What is a Diopter?

by Dwight Lindsey

A Close-Up Lens is NOT a Diopter!

but everyone calls them that . . .

OK, it's time for me to rant a bit about "Diopters"

Close-up lenses or close-up filters are magnifying lenses mounted in front of photographic lenses and cine lenses to enable focusing closer than the lens will do by itself. They are quite useful to quickly obtain close-up images of small objects. Because they are usually simple single element plano-convex lenses, there will be some quality loss, but they're quick and easy and quite well accepted

These lenses are commonly referred to as "Diopters".

This makes me crazy, because it's simply not correct.

Diopter is a Unit Of Measurement

Diopter is a unit of measurement, much like other units of measurement such as millimeters, meters, inches, etc. It's not a physical thing that you can pick up and hold. It's a unit of measurement.
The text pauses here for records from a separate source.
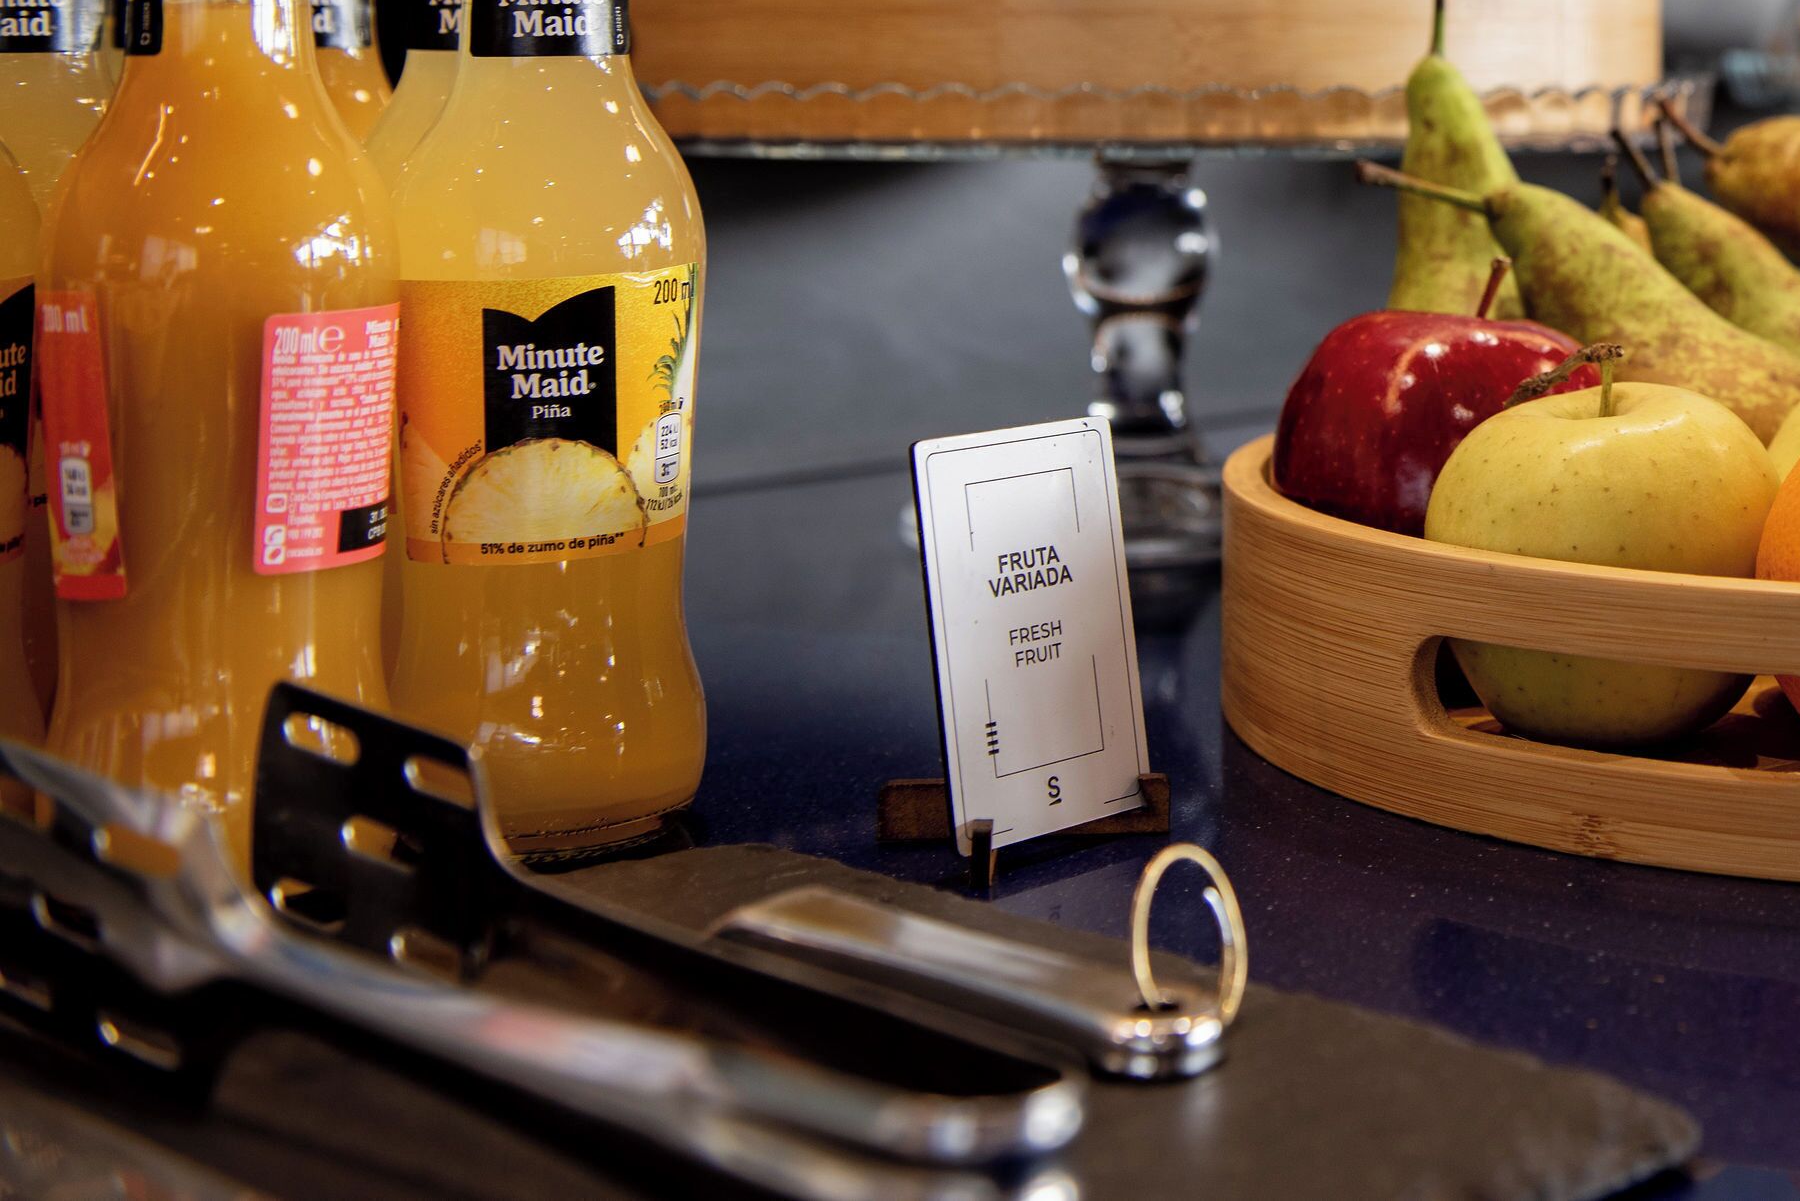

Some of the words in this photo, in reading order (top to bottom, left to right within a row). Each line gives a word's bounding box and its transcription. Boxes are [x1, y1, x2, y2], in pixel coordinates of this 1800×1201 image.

[513, 7, 594, 38] Maid
[653, 277, 678, 305] 200
[273, 326, 299, 354] 200
[496, 342, 605, 371] Minute
[511, 370, 590, 400] Maid
[532, 404, 572, 420] Piña
[480, 542, 504, 555] 51%
[507, 542, 525, 554] de
[527, 540, 565, 553] zumo
[565, 537, 585, 549] de
[997, 545, 1060, 574] FRUTA
[988, 564, 1073, 598] VARIADA
[1009, 620, 1063, 646] FRESH
[1015, 642, 1063, 668] FRUIT
We don't call lenses "Millimeters", We call them lenses, with a notation of focal length measured in millimeters. So for example we could describe a specific lens as a "50mm f2 lens" we wouldn't call it a "Millimeter".
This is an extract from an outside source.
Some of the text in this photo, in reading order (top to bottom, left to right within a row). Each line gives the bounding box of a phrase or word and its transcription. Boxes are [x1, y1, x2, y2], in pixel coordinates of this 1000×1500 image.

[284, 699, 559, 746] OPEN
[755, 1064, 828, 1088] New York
Likewise, we should refer to close-up lenses just that way, as close-up lenses. So one description would be: "138mm Round +1 Diopter Close-Up Lens". That describes the size of the lens (138mm diameter), the power of the lens (+1 diopter) and the type of lens (Close-Up Accessory Lens).

Now all of that said, it seems that "Diopter" has become the standard name for these things and despite some annoyance, we've used it too, because it's standard. Stupid, but standard . . .

Now that I've got that out of my system, let's have a look at why they are useful and some other ways to approach the problem.

Let's Get Practical - What's the Problem? Why do we need diopters?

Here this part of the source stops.